(Items from a dataset)

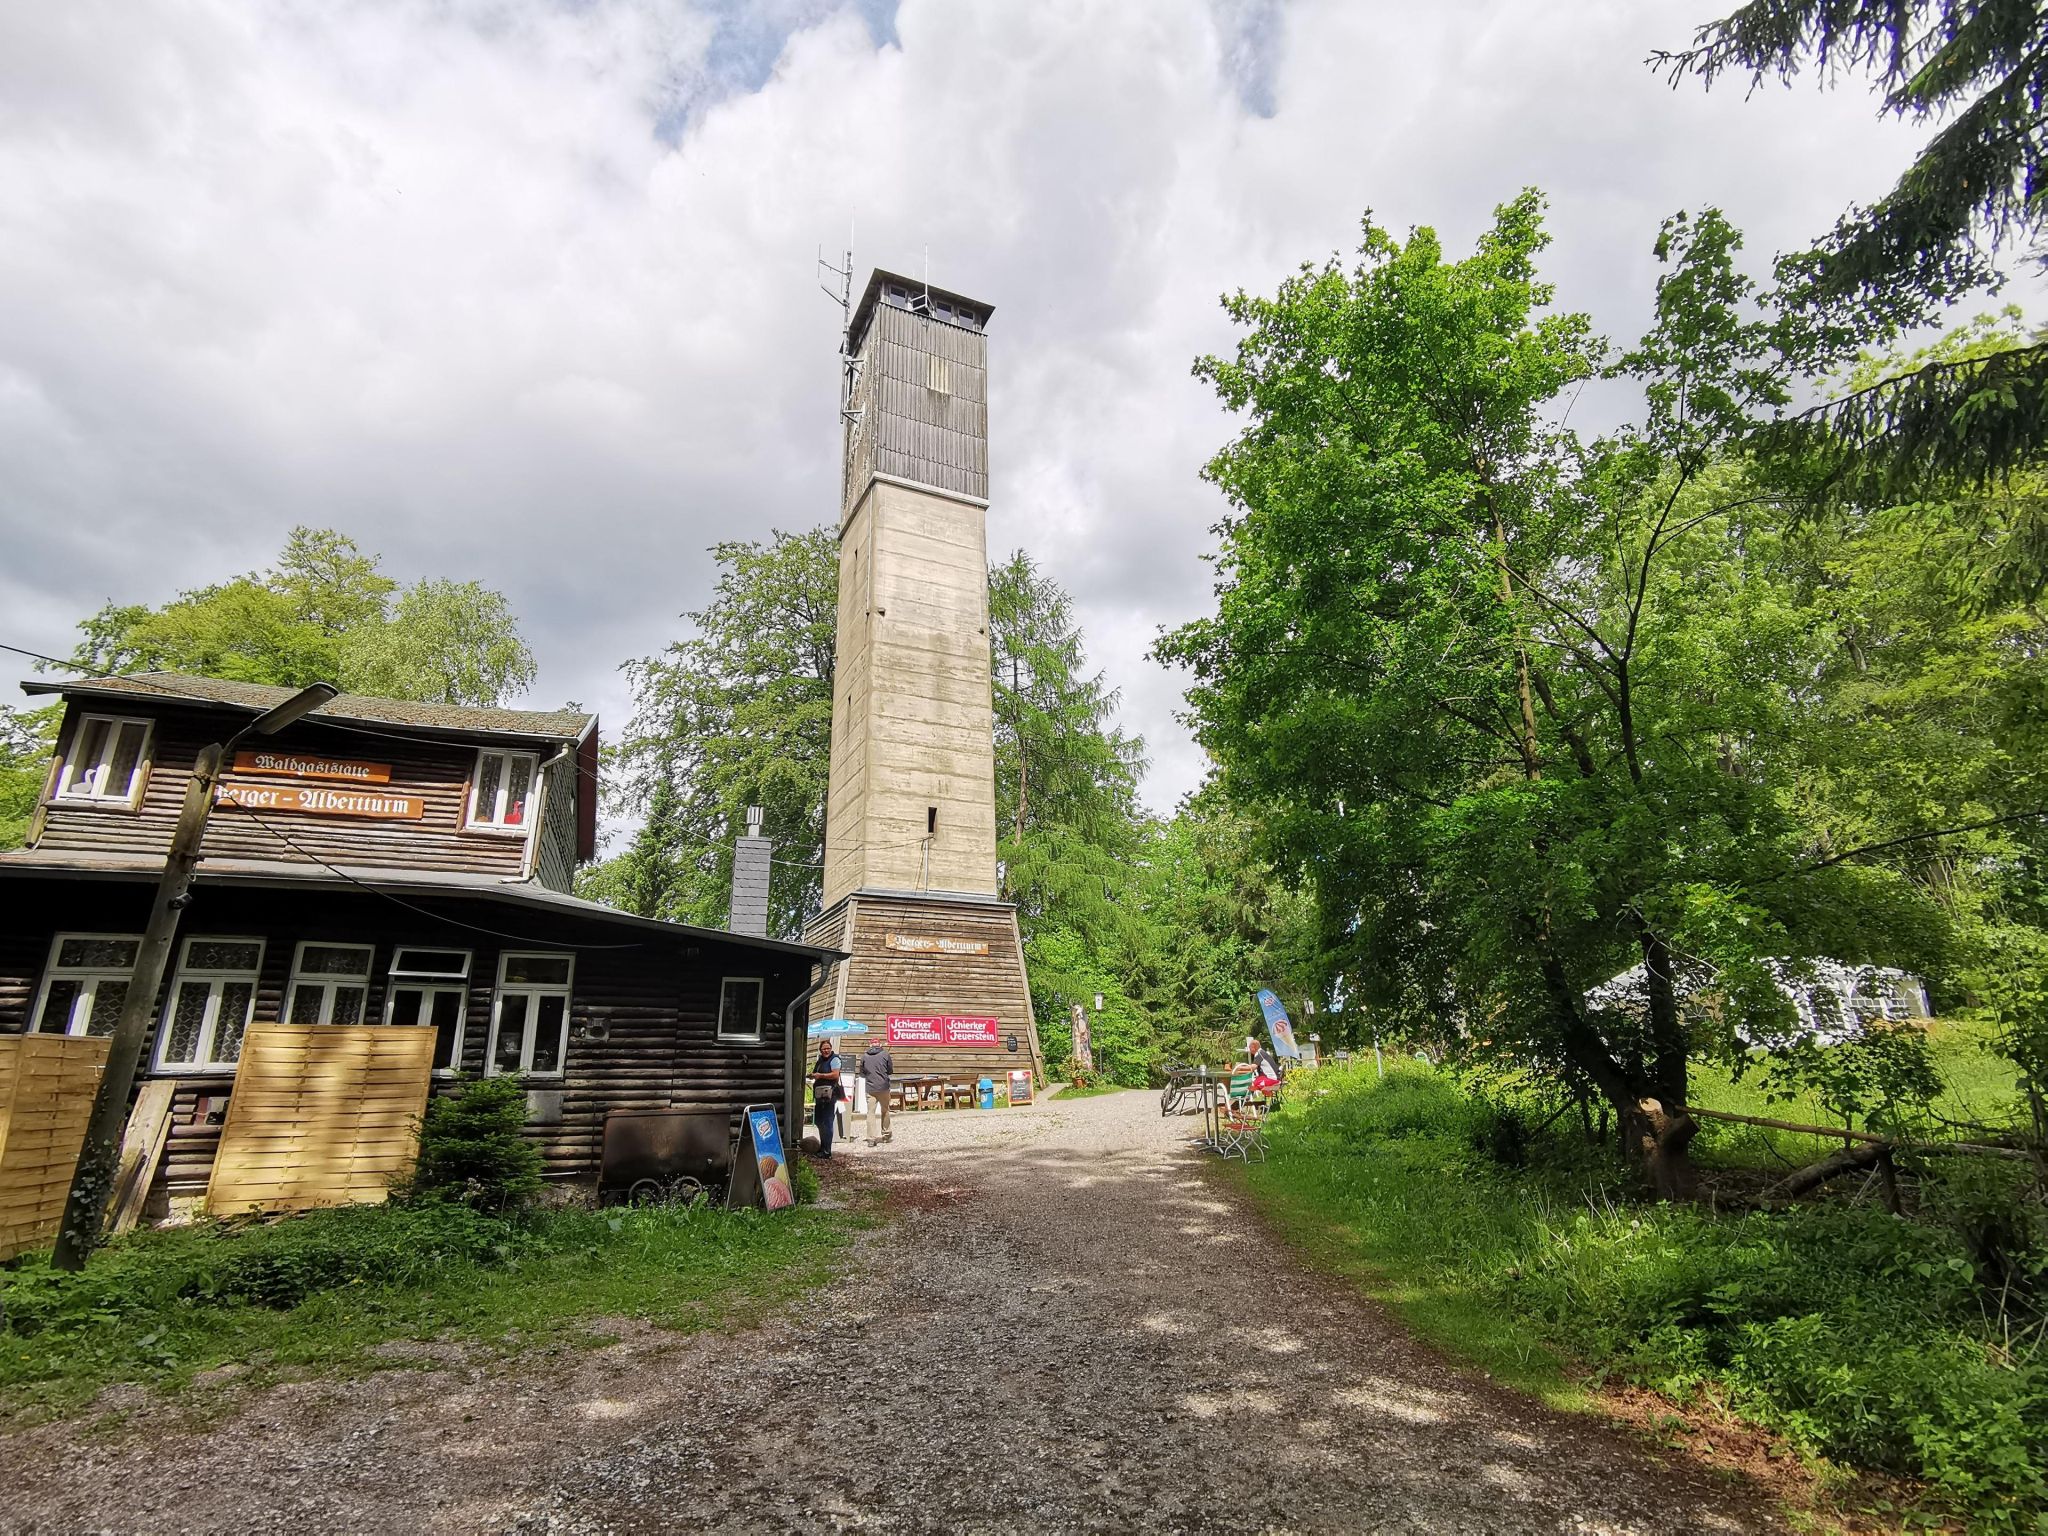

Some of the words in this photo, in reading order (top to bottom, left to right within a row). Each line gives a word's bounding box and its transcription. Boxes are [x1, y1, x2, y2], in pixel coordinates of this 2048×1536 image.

[255, 755, 370, 778] Waldgaststätte
[299, 790, 409, 814] Albertturm
[891, 1018, 932, 1029] Schierker
[947, 1019, 987, 1031] Schierker
[893, 1029, 941, 1041] Feuerstein
[950, 1030, 995, 1042] Feuerstein
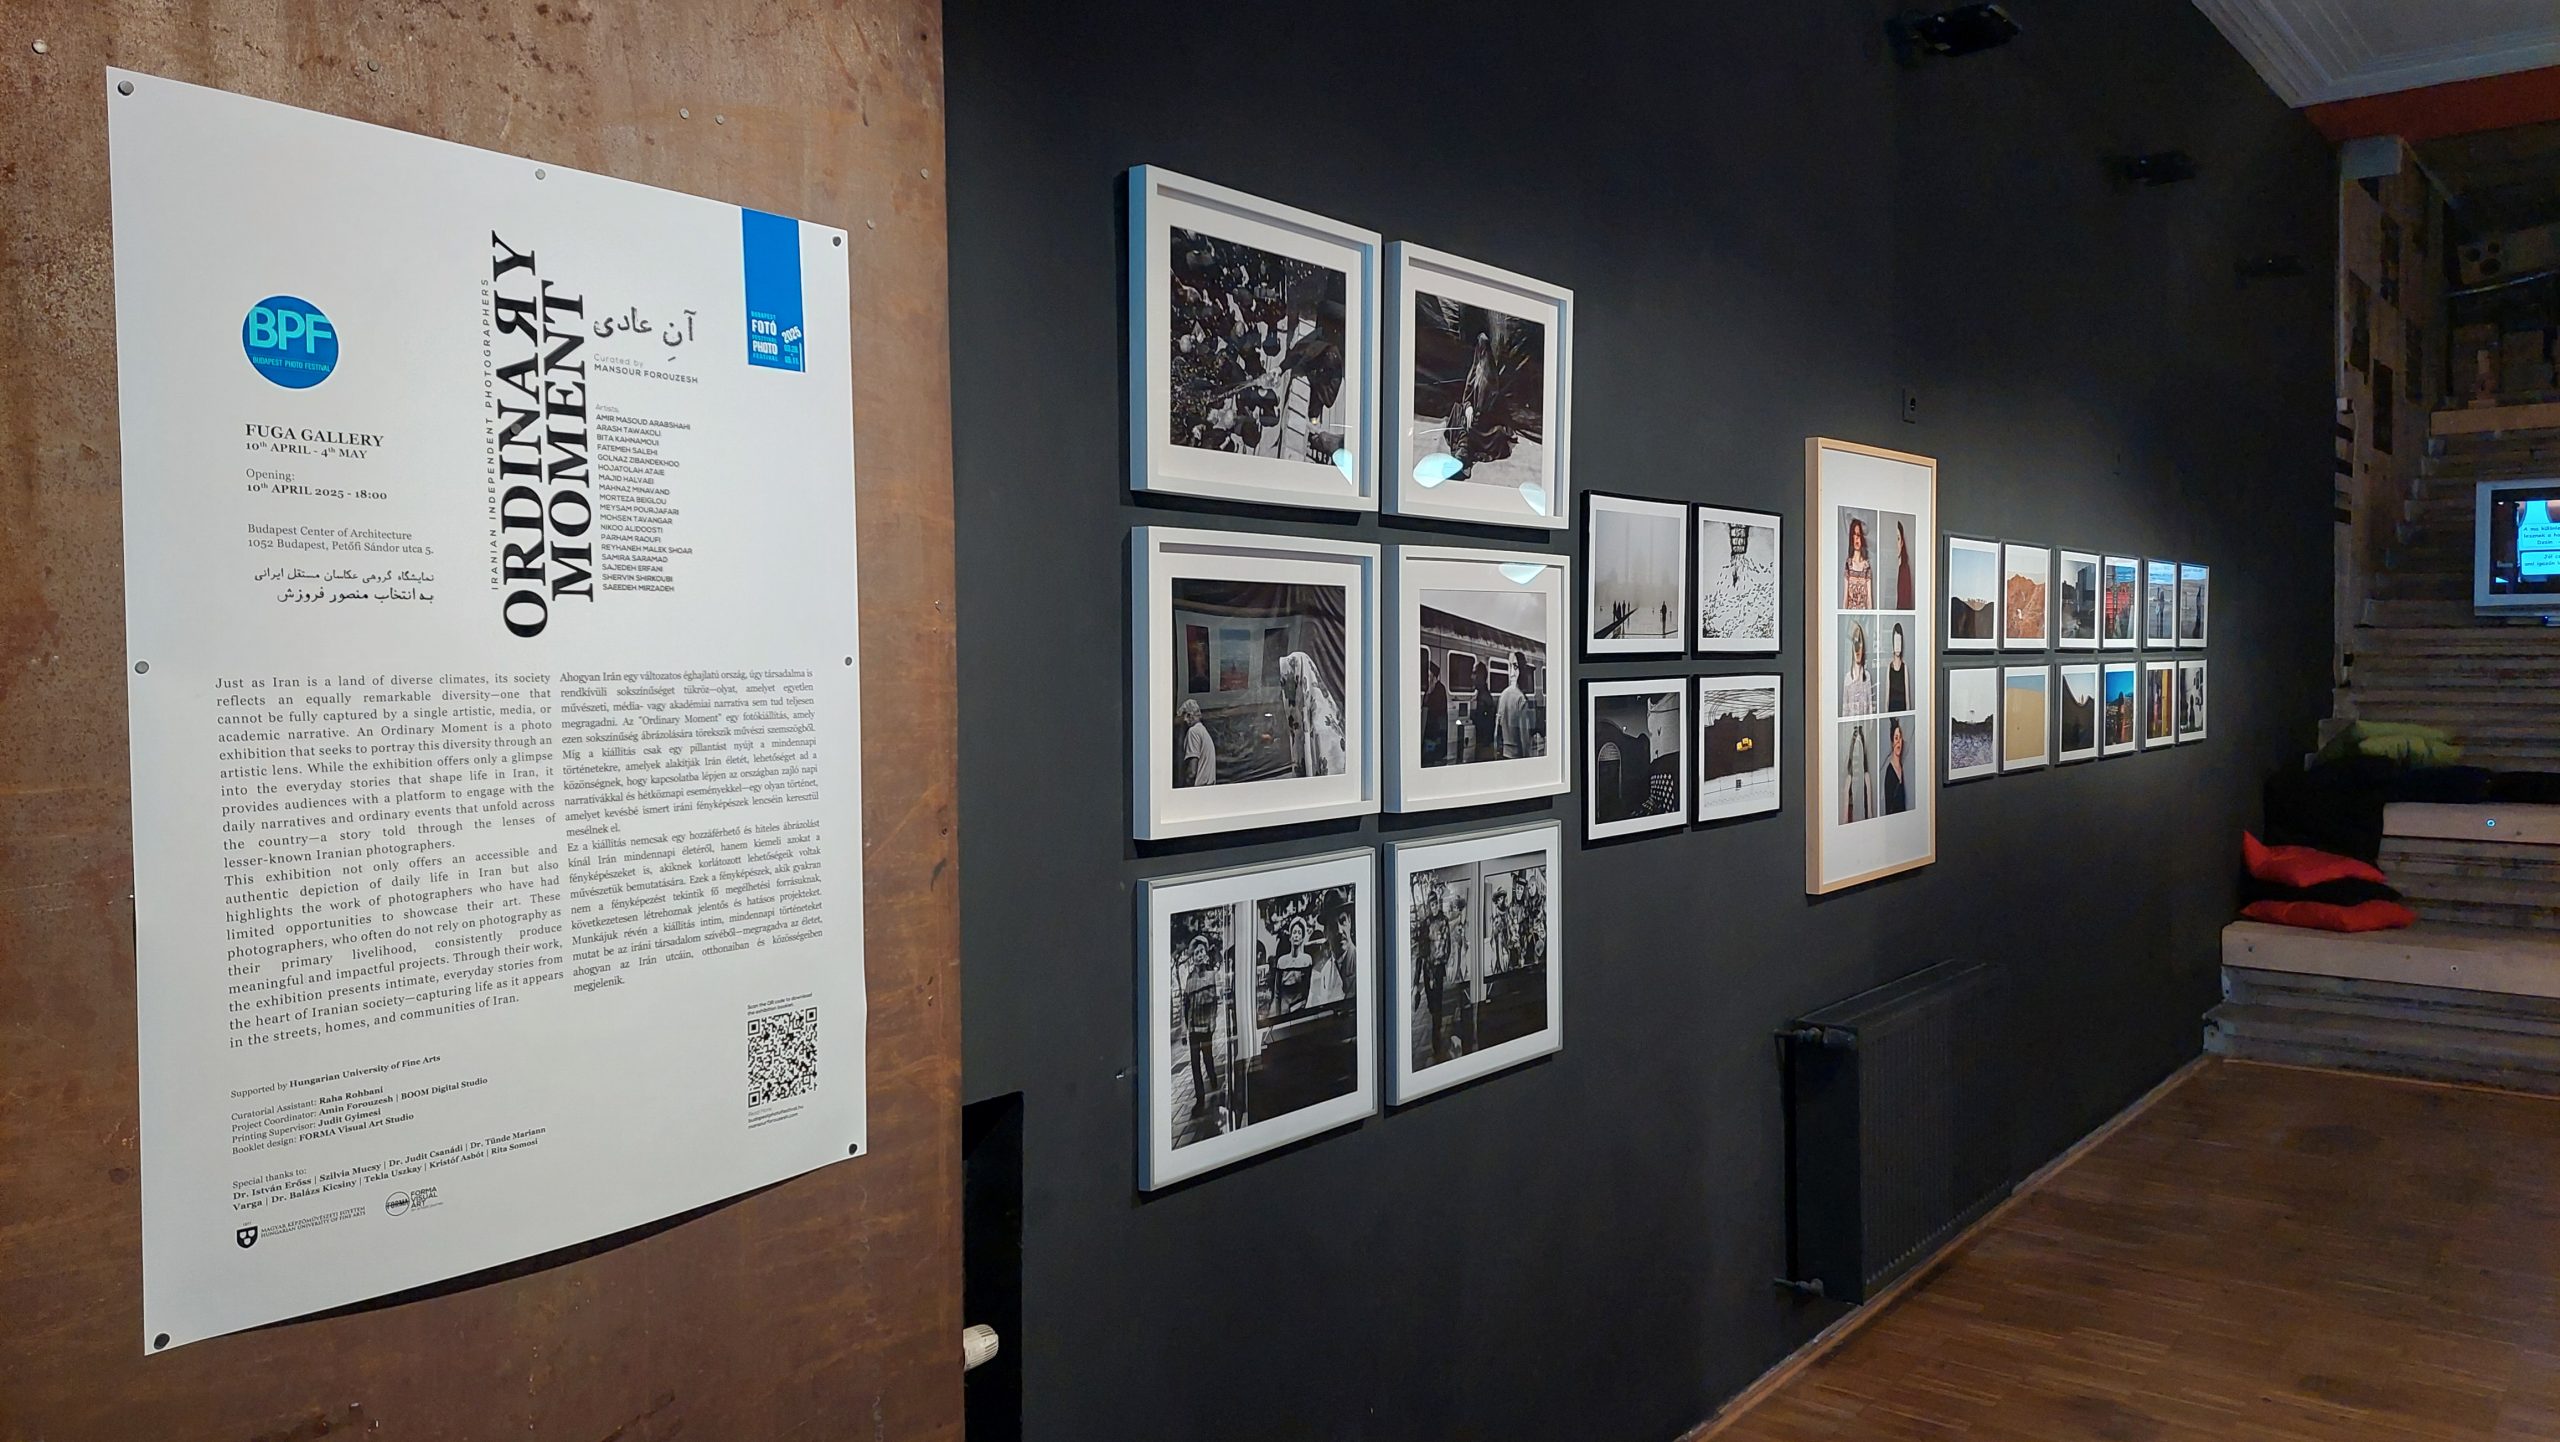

▶ **Task details**
Copy each entry exactly, with no pictures.

▶ **Answer space**
Some of the words in this photo, in reading order (top to bottom, left to right within a row). Each line gives a word's bounding box and its transcription. Boxes are [x1, y1, x2, y2], in pixel coordinates of this 2048×1536 image.

[255, 755, 370, 778] Waldgaststätte
[299, 790, 409, 814] Albertturm
[891, 1018, 932, 1029] Schierker
[947, 1019, 987, 1031] Schierker
[893, 1029, 941, 1041] Feuerstein
[950, 1030, 995, 1042] Feuerstein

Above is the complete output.